From Wikipedia, the free encyclopedia

Continuous data protection (CDP), also called continuous backup or real-time backup, refers to backup of computer data by automatically saving a copy of every change made to that data, essentially capturing every version of the data that the user saves. In its true form it allows the user or administrator to restore data to any point in time.[1] The technique was patented by British entrepreneur Pete Malcolm in 1989 as "a backup system in which a copy [editor's emphasis] of every change made to a storage medium is recorded as the change occurs [editor's emphasis]."[2]

In an ideal case of continuous data protection, the recovery point objective—"the maximum targeted period in which data (transactions) might be lost from an IT service due to a major incident"—is zero, even though the recovery time objective—"the targeted duration of time and a service level within which a business process must be restored after a disaster (or disruption) in order to avoid unacceptable consequences associated with a break in business continuity"—is not zero.[3] An example of a period in which data transactions might be lost is a major discount chain having card readers at its checkout counters shut down at multiple locations for close to two hours in the month of June 2019.

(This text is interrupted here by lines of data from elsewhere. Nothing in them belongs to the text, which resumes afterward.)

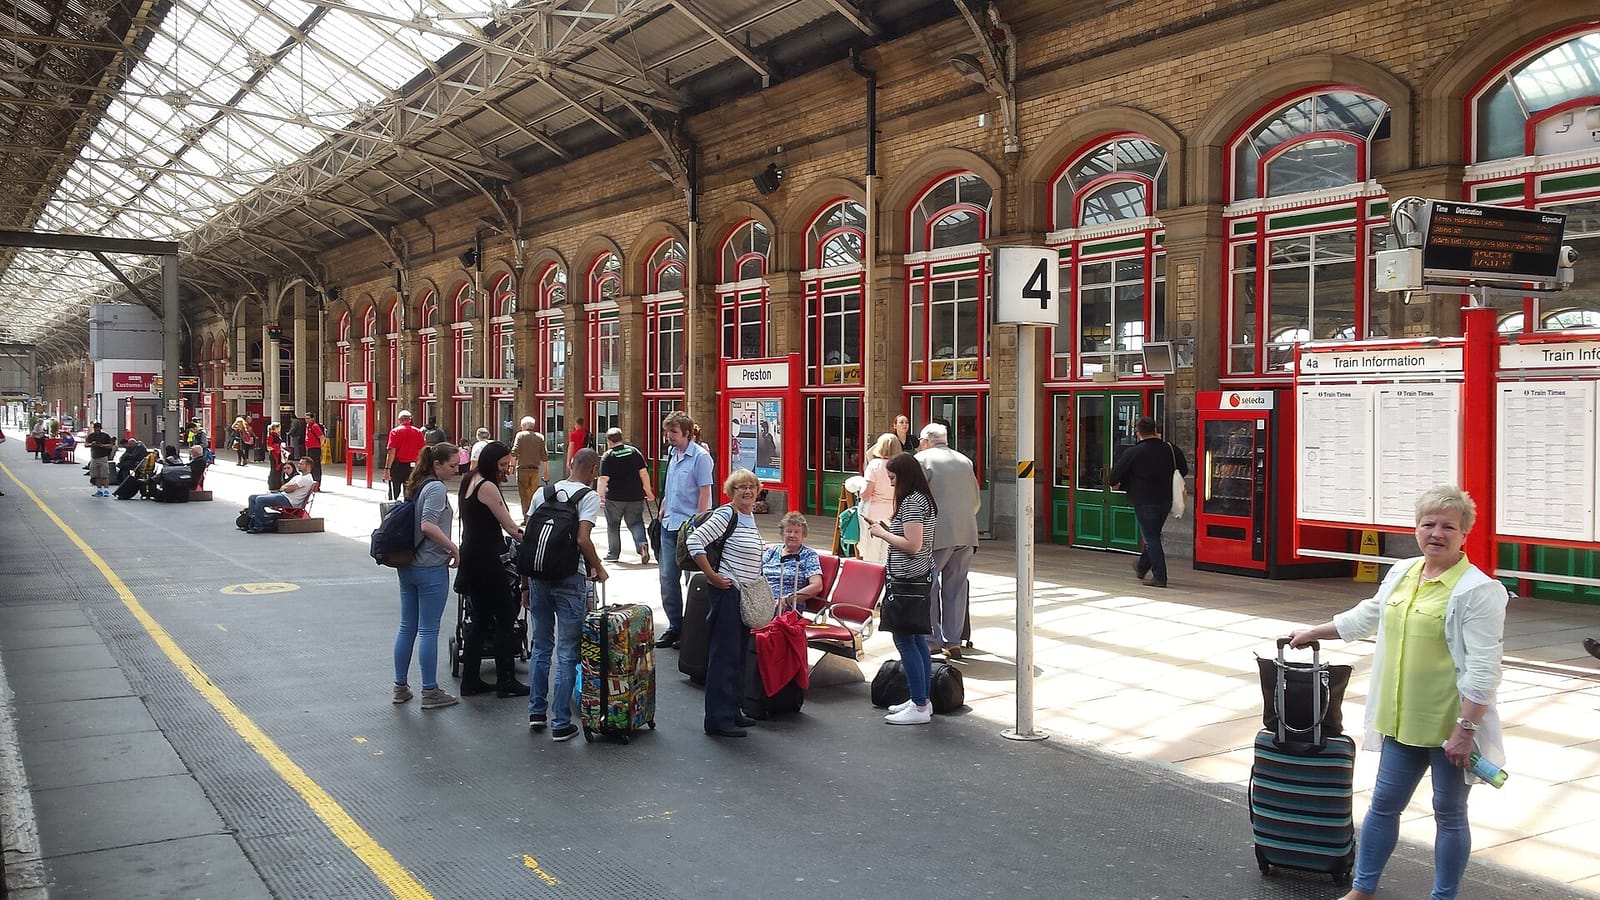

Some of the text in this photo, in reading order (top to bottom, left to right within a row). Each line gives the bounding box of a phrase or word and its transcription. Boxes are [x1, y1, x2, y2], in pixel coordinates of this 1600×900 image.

[1436, 204, 1563, 224] Time Destination Expected
[1022, 257, 1051, 310] 4
[1306, 355, 1425, 369] 4a Train Information
[1541, 349, 1574, 362] Train
[742, 367, 772, 381] Preston
[1241, 396, 1265, 404] selecta

CDP runs as a service that captures changes to data to a separate storage location. There are multiple methods for capturing continuous live data changes involving different technologies that serve different needs. True CDP-based solutions can provide fine granularities of restorable objects ranging from crash-consistent images to logical objects such as files, mail boxes, messages, and database files and logs.[4] This isn't necessarily true of near-CDP solutions.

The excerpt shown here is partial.